Work order = Set down the data again exactly. Pictures are not part of the copy.

(Phrase grounding data)
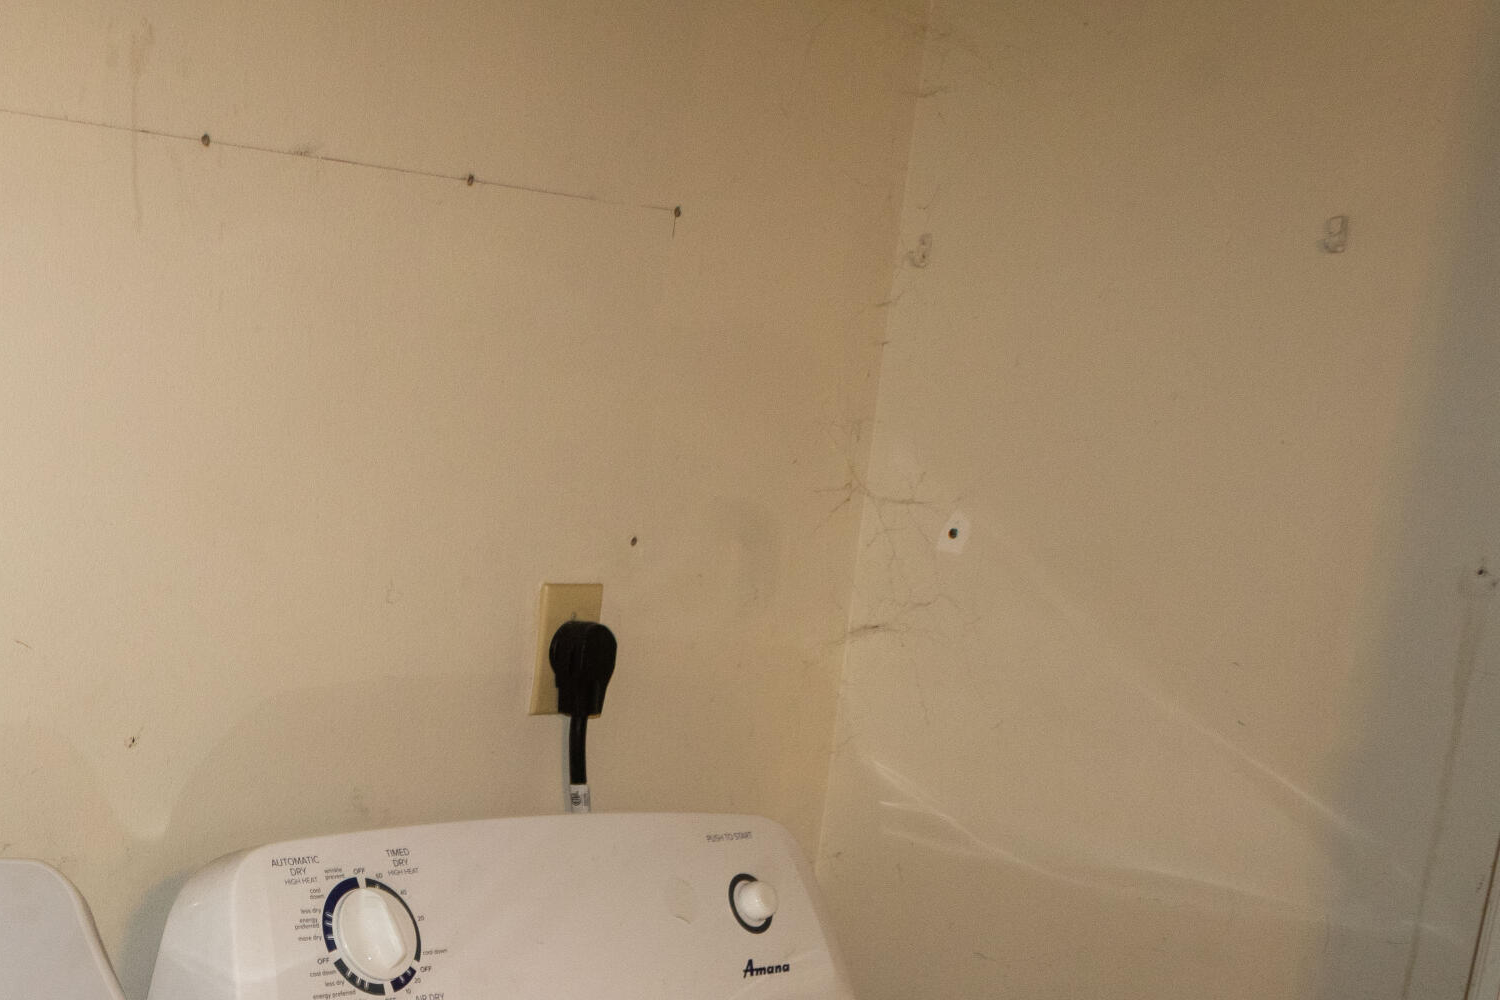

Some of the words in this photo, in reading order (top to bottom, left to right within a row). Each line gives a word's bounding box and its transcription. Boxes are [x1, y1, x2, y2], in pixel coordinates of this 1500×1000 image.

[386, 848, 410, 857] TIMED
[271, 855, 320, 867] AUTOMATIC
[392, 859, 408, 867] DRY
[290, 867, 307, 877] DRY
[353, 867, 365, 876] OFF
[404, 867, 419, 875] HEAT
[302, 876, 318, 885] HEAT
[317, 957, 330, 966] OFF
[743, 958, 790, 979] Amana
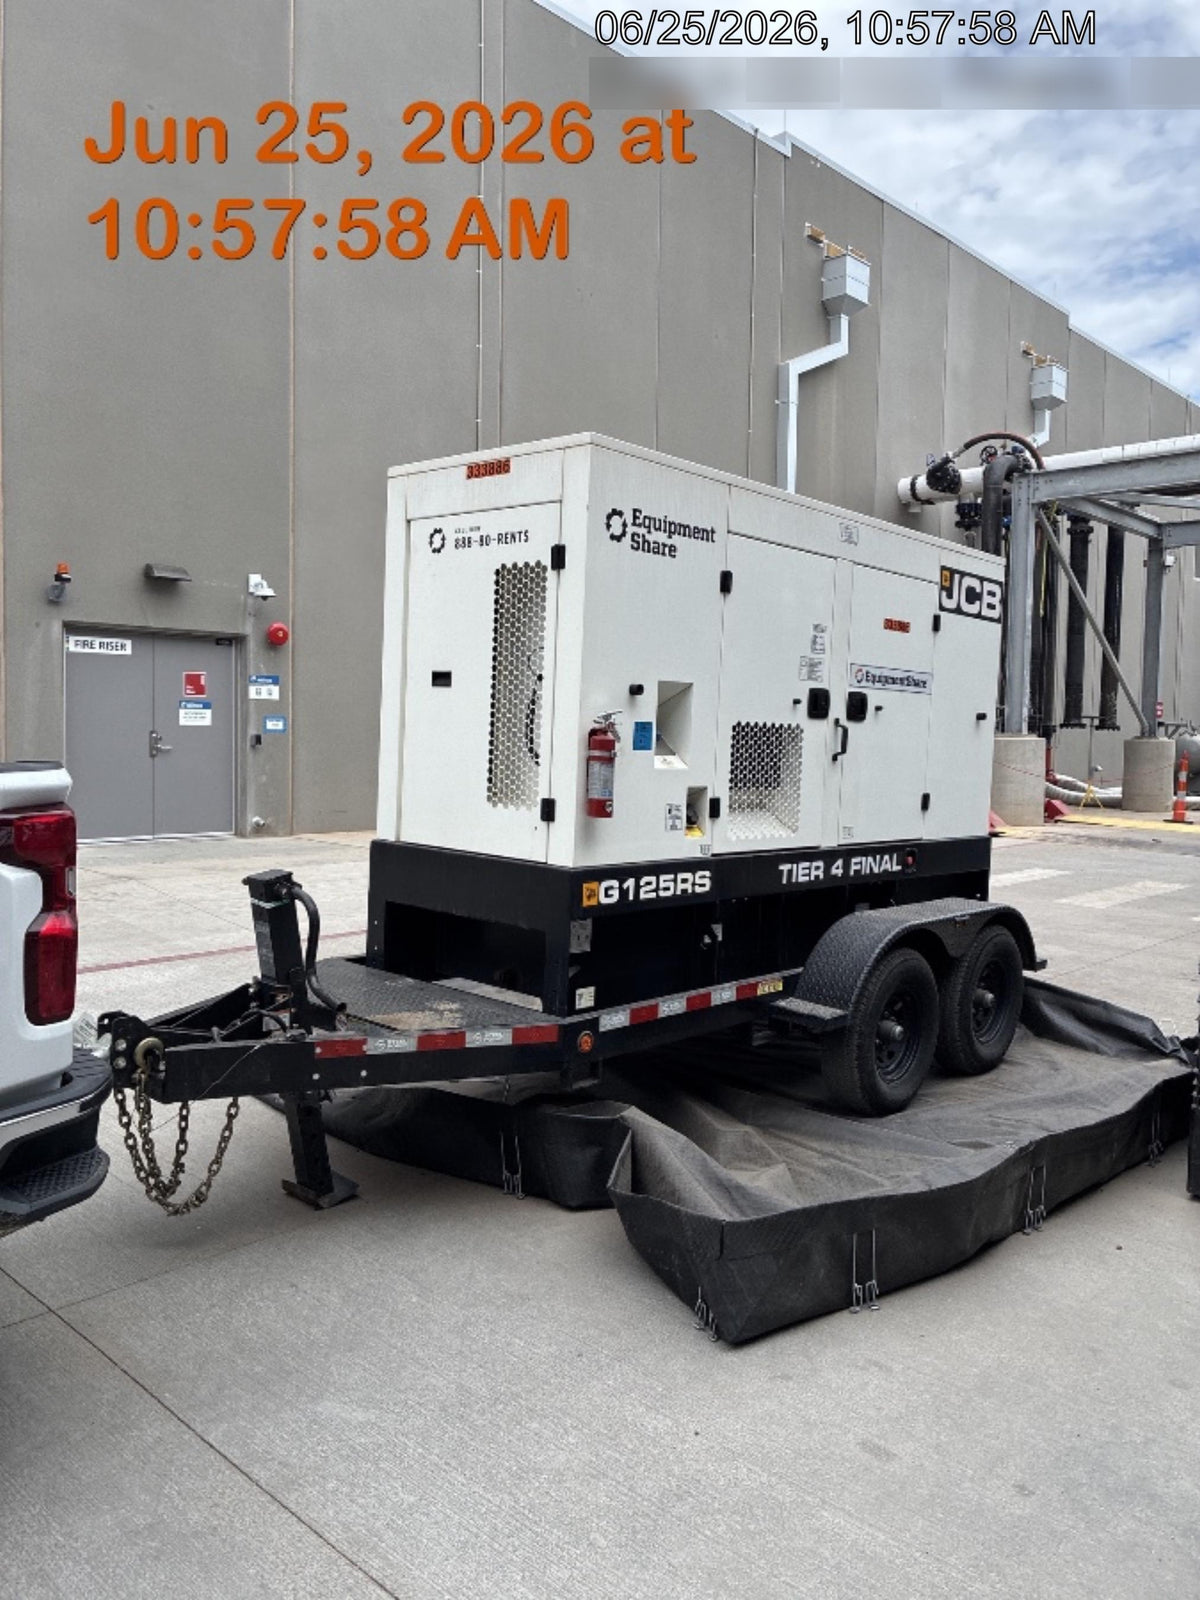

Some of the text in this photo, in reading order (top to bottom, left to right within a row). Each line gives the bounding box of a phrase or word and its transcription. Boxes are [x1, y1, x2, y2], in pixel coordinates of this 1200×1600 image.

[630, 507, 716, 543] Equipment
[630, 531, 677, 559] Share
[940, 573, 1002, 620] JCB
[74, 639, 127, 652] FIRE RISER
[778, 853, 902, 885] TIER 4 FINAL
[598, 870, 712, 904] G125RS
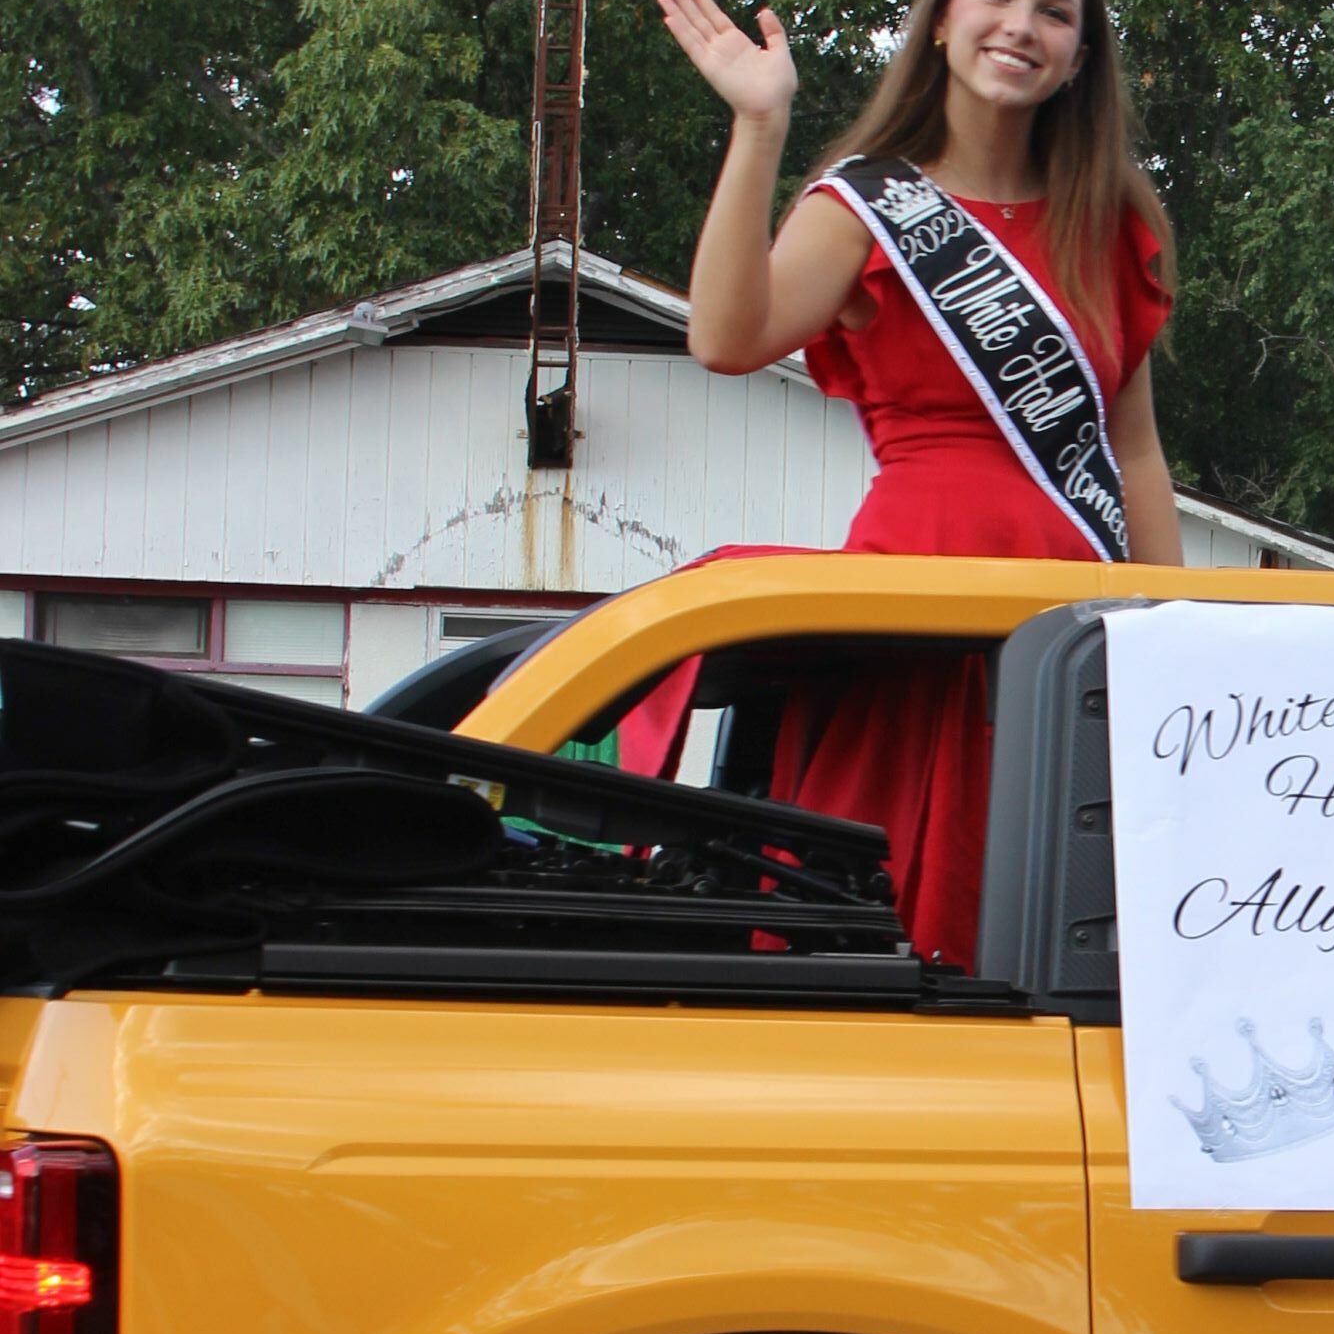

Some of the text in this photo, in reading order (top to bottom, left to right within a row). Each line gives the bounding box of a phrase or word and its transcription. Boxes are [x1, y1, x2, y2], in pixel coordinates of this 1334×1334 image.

Expected output =
Some of the words in this photo, in reading order (top to bottom, left to right within a row). Each line gives a word's bounding box and its transcription. Boxes are [x1, y1, x2, y2], in pixel coordinates of this 1500×1000 image.

[386, 848, 410, 857] TIMED
[271, 855, 320, 867] AUTOMATIC
[392, 859, 408, 867] DRY
[290, 867, 307, 877] DRY
[353, 867, 365, 876] OFF
[404, 867, 419, 875] HEAT
[302, 876, 318, 885] HEAT
[317, 957, 330, 966] OFF
[743, 958, 790, 979] Amana

Some of the text in this photo, in reading order (top to bottom, left to right within a row). Each line gives the bounding box of a phrase or word and its transcription. Boxes are [x1, y1, x2, y2], in pixel coordinates of this 1200×1600 image.

[630, 507, 716, 543] Equipment
[630, 531, 677, 559] Share
[940, 573, 1002, 620] JCB
[74, 639, 127, 652] FIRE RISER
[778, 853, 902, 885] TIER 4 FINAL
[598, 870, 712, 904] G125RS

Some of the text in this photo, in reading order (top to bottom, left to right within a row). Each line gives the bounding box of a phrase or word and its transcription. Boxes are [x1, y1, x2, y2], in pixel coordinates of this 1334×1334 image.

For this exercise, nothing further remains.